|Crusader Not 'Truly Transformational,' Rumsfeld Says|
Crusader Not 'Truly Transformational,' Rumsfeld Says
By Gerry J. Gilmore, American Forces Press Service.
Washington D.C. -- (AFPS) May 16, 2002 -- Defense Secretary Donald H. Rumsfeld told Senate Armed Services Committee members today that the Crusader is a good artillery system that doesn't fit DoD's vision of future forces.
Rumsfeld pointed out to committee members that he is carrying out President Bush's directives as outlined in the 1999 Citadel speech to transform the U.S. military to meet anticipated 21st century threats. At the time, Bush was a presidential candidate; his speech has been called his blueprint for defense policies and plans.
Future warfighting strategy involves using lighter-weight, rapidly deployable forces in combined arms operations in conjunction with air- and indirect-artillery-delivered precision munitions, as the Joint Direct Attack Munition used in Afghanistan.
The Crusader, Rumsfeld noted, may achieve a higher rate of fire and better maneuverability than the M-109 Paladin self-propelled howitzer it is envisioned to replace, but it lacks the transformational element of precision fire.
Precision was not part of the picture when the Crusader was designed, Rumsfeld said.
Money saved by canceling the Crusader, he continued, should be invested to achieve truly transformational capabilities such as increased accuracy, more rapid deployability, and the ability to network artillery fire that will make the Army's indirect fire systems effective and relevant on the battlefields of the 21st century.

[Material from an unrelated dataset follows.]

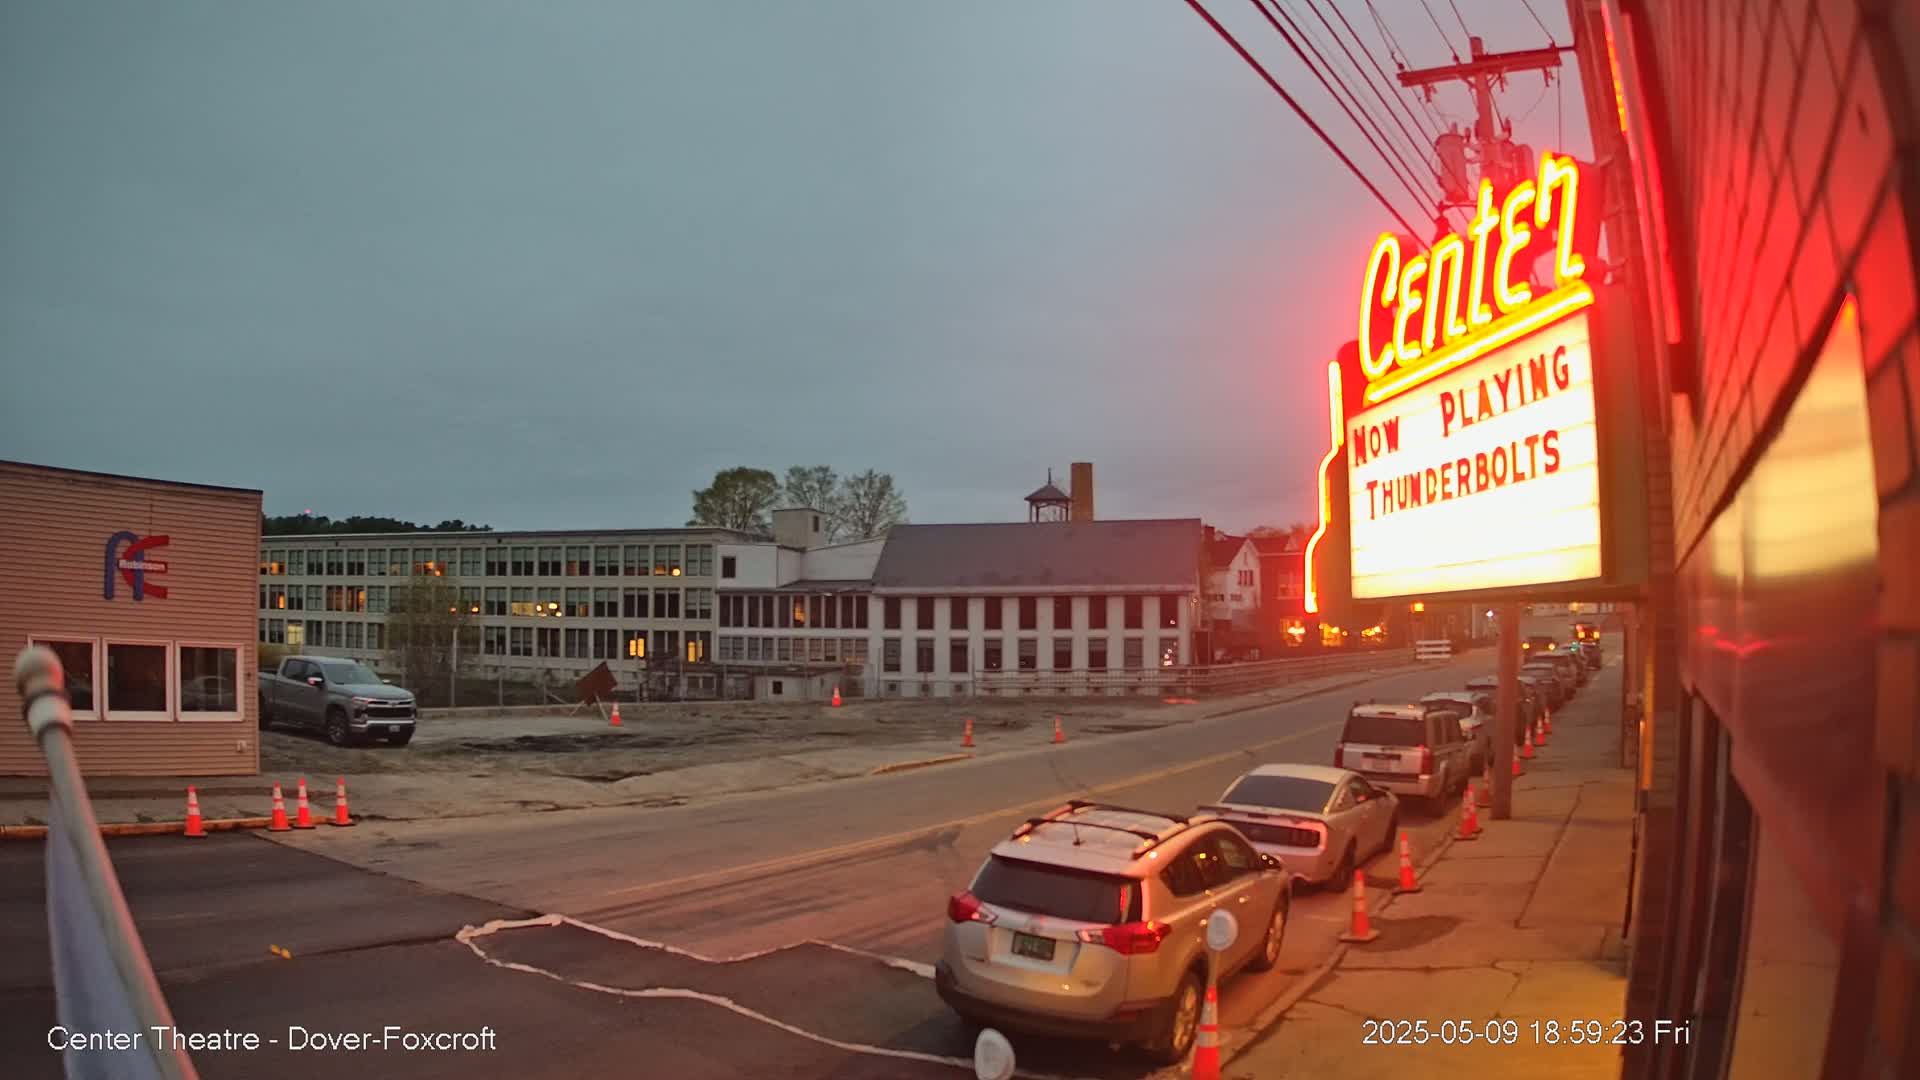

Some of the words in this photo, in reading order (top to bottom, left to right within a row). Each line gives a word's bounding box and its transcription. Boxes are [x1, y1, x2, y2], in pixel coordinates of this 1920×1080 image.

[1354, 416, 1399, 467] NOW
[1440, 345, 1569, 437] PLAYING
[1366, 430, 1560, 520] THUNDERBOLTS

"We have growing expertise in precision guidance systems and we're using them to great effect" in Afghanistan, the defense secretary said.
In Afghanistan, it was found that "precision matters, and it matters a lot," Rumsfeld said. Besides achieving better accuracy, he noted, use of precision munitions reduced the incidence of military "friendly fire" losses and civilian casualties. About 65 percent of U.S. munitions used in Afghanistan were precision-guided, he remarked.
Precision munitions enabled U.S. Special Forces on the ground in Afghanistan to call in "long-range bombers to provide tactical, close-air support," Rumsfeld noted, adding, "This had never been done before."
The self-propelled Crusader is also woefully heavy and can't be deployed quickly via air transport in suitable numbers to global hot spots. The weight of one Crusader "package" for airlift is 97 tons, Rumsfeld noted, which includes crew, ammo and a 30-ton logistics carrier.
At that weight, it would take up to 64 C-17 transport aircraft to deploy just 18 Crusaders, Rumsfeld said.
Crusader alternatives like Excalibur precision-guided munitions and an upgraded Multiple Launch Rocket System "can offer greater improvements in precision and range and deploy ability," he said.
"We believe that by foregoing the Crusader we have the opportunity to produce more advanced capabilities and ensure their earlier integration into the Army," he added.
Rumsfeld said Crusader technology could be applied to the Army's Future Combat System family of vehicles, and possibly, a future Navy gun system.
The accelerated use of precision rounds for indirect artillery fire, like the Excalibur under development, would increase the overall capability of our forces more than the procurement of the 480 Crusaders," he said.
Not adopting the Crusader "does not put U.S. forces at risk," as some people have suggested, Rumsfeld said, adding, "we can reduce future risk by speeding the introduction of critical new capabilities."
He said the cancellation of Crusader is an investment in the future Army "in integrated combined arms, greater deployability, and lethality."
Rumsfeld noted that the U.S. military is working to achieve technological and cultural transformation to meet future threats. Crusader, he added, "would have represented a way station in that change process."